# BRIEF
Everything from the line containing "Some of the text" to the end of the records should be reproduced exactly, and nothing before it.

◆ ◆ ◆ ◆ ◆

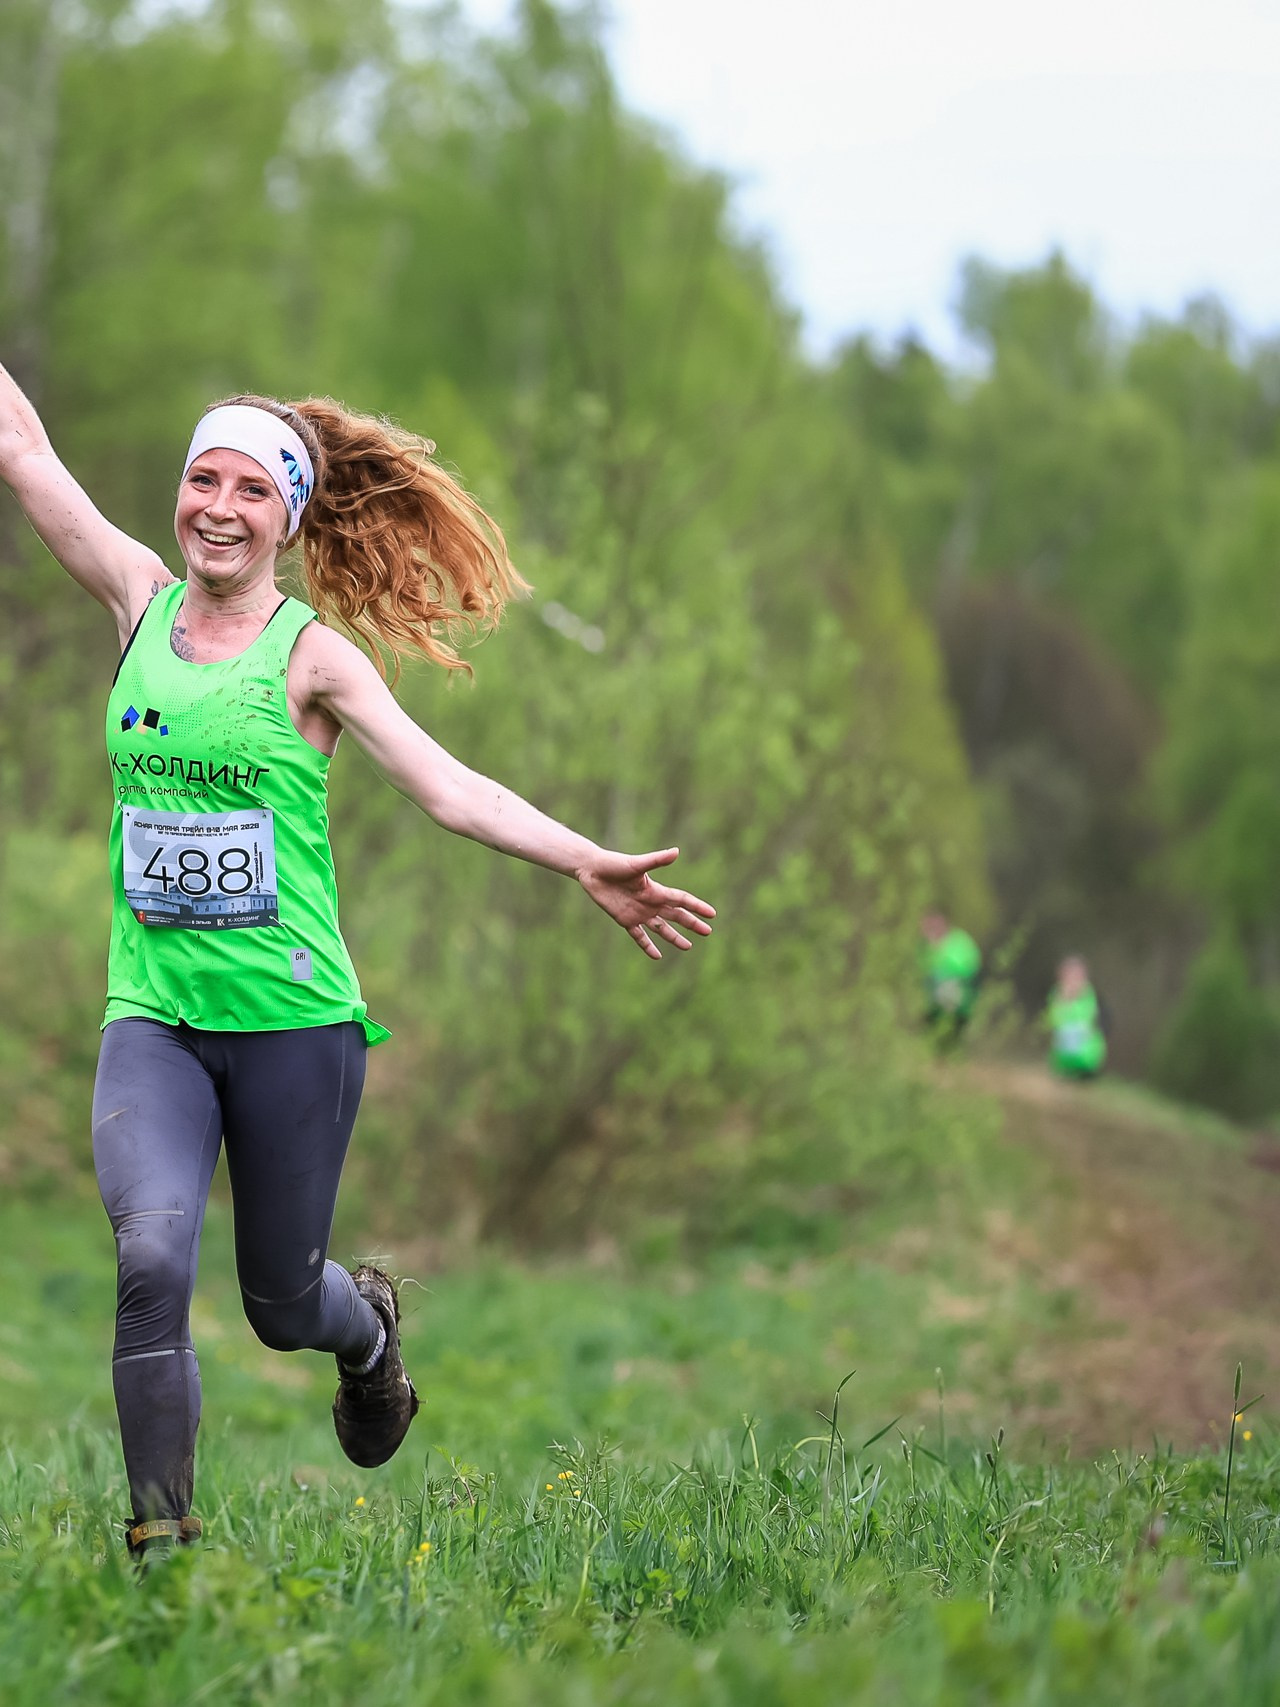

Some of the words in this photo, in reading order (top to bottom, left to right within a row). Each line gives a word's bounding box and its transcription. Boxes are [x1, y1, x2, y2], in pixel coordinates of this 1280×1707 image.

[110, 752, 270, 788] К-ХОЛДИНГ
[150, 785, 209, 798] компаний
[181, 825, 204, 833] ТРЕЙЛ
[142, 846, 254, 896] 488
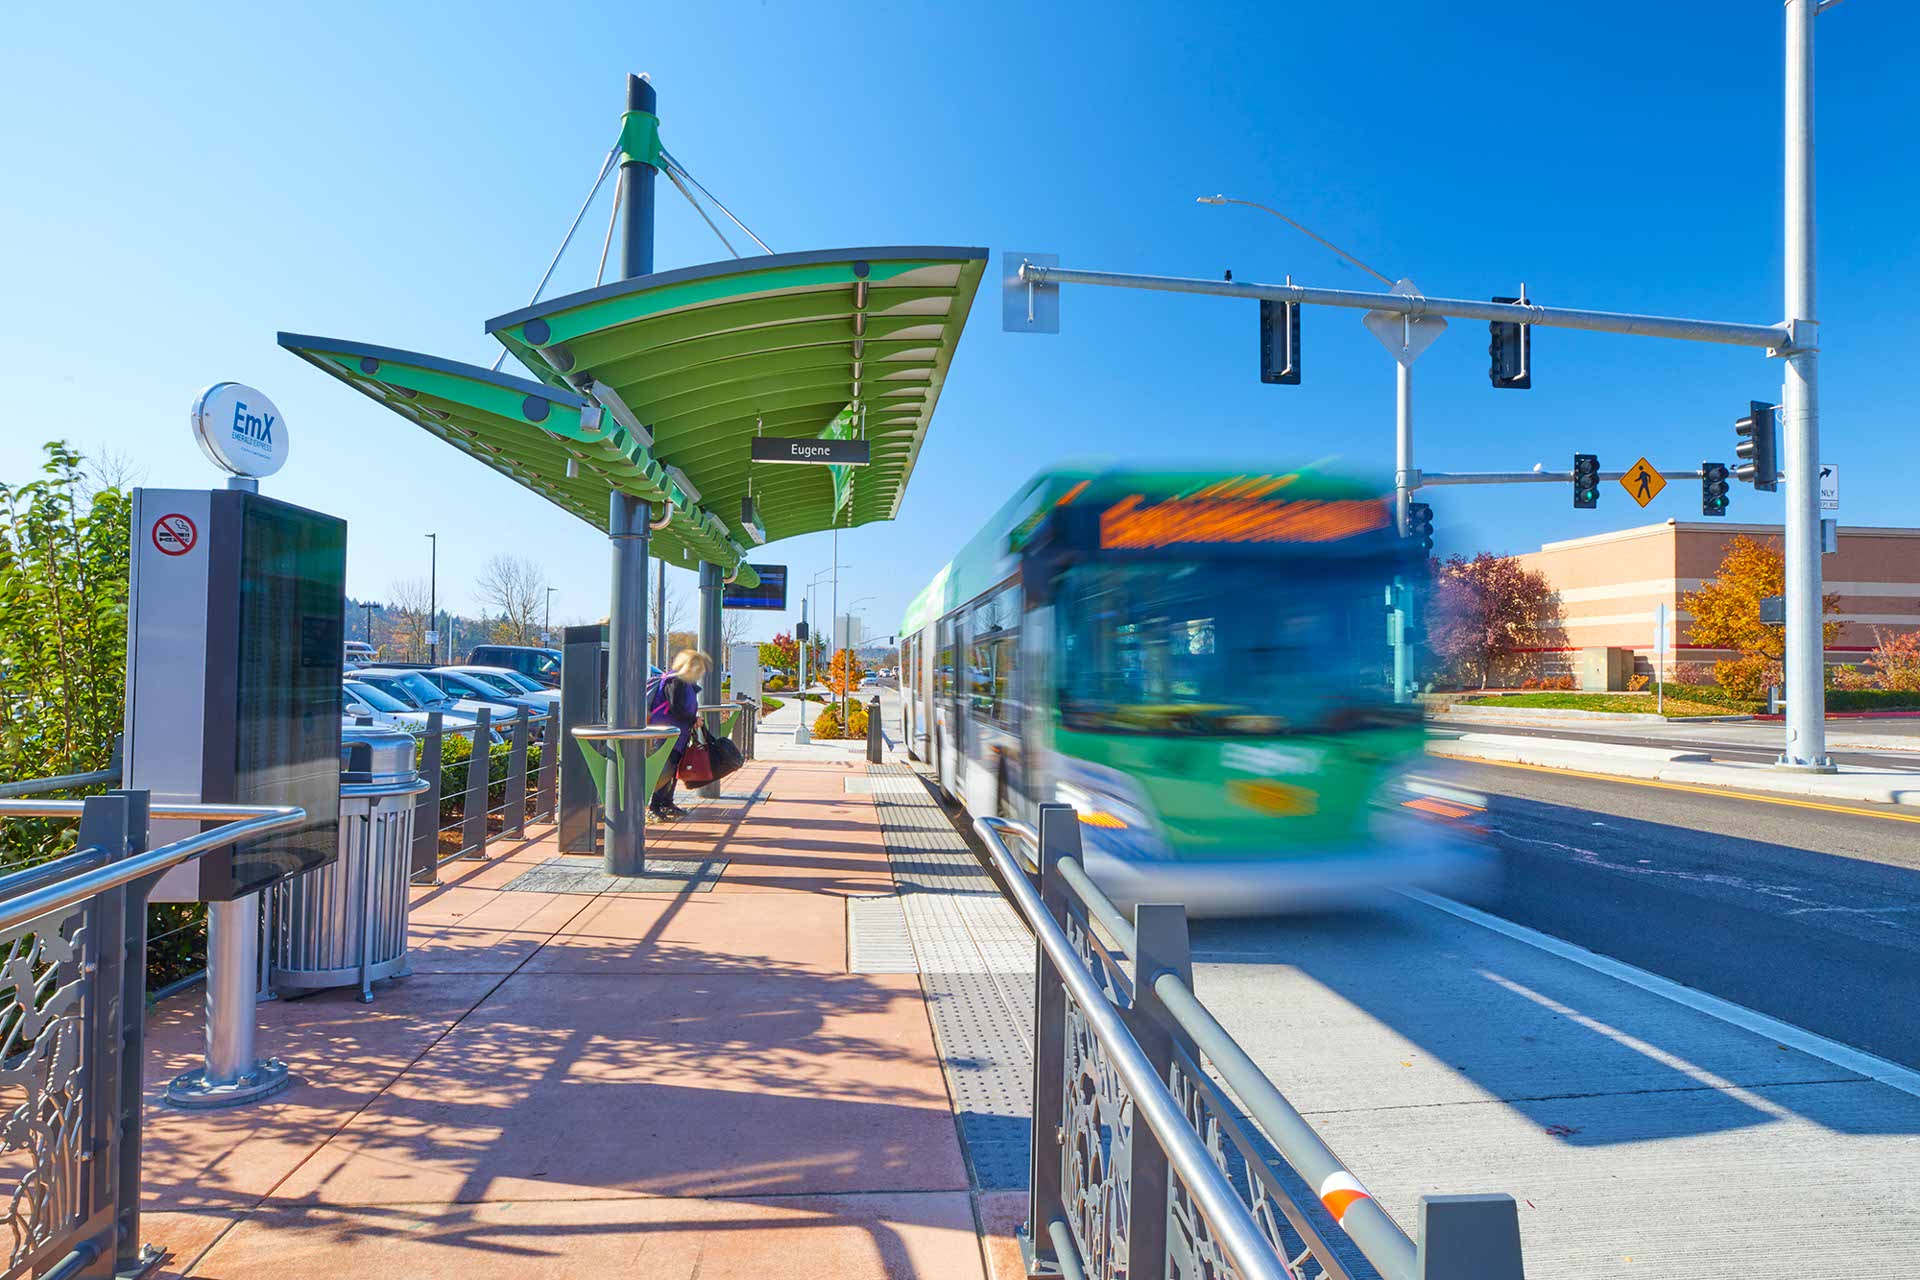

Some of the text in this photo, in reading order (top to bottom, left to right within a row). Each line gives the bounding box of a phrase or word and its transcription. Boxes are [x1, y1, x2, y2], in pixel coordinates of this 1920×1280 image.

[233, 401, 274, 444] EmX
[232, 431, 253, 446] EMERALD
[253, 440, 272, 453] EXPRESS
[791, 443, 831, 458] Eugene
[1821, 489, 1835, 497] NLY

◆ ◆ ◆ ◆ ◆

# ANSWER BOX
Some of the text in this photo, in reading order (top to bottom, left to right within a row). Each line gives the bounding box of a phrase or word and its transcription. Boxes are [x1, y1, x2, y2], in pixel coordinates of this 1920×1280 image.

[233, 401, 274, 444] EmX
[232, 431, 253, 446] EMERALD
[253, 440, 272, 453] EXPRESS
[791, 443, 831, 458] Eugene
[1821, 489, 1835, 497] NLY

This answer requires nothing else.